DESCRIPTION OF THE TASK: Print the listing in full, keeping every line exactly as it is.

TASK DATA:
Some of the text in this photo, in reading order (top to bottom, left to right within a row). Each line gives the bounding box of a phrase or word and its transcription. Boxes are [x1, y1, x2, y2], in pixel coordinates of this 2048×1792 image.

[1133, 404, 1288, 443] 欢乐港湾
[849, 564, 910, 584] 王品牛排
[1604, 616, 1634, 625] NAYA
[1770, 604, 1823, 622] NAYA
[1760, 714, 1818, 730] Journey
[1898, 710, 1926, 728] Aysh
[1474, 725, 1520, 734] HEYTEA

RESPONSE FOR THIS EXERCISE:
Some of the text in this photo, in reading order (top to bottom, left to right within a row). Each line gives the bounding box of a phrase or word and its transcription. Boxes are [x1, y1, x2, y2], in pixel coordinates of this 2048×1792 image.

[1133, 404, 1288, 443] 欢乐港湾
[849, 564, 910, 584] 王品牛排
[1604, 616, 1634, 625] NAYA
[1770, 604, 1823, 622] NAYA
[1760, 714, 1818, 730] Journey
[1898, 710, 1926, 728] Aysh
[1474, 725, 1520, 734] HEYTEA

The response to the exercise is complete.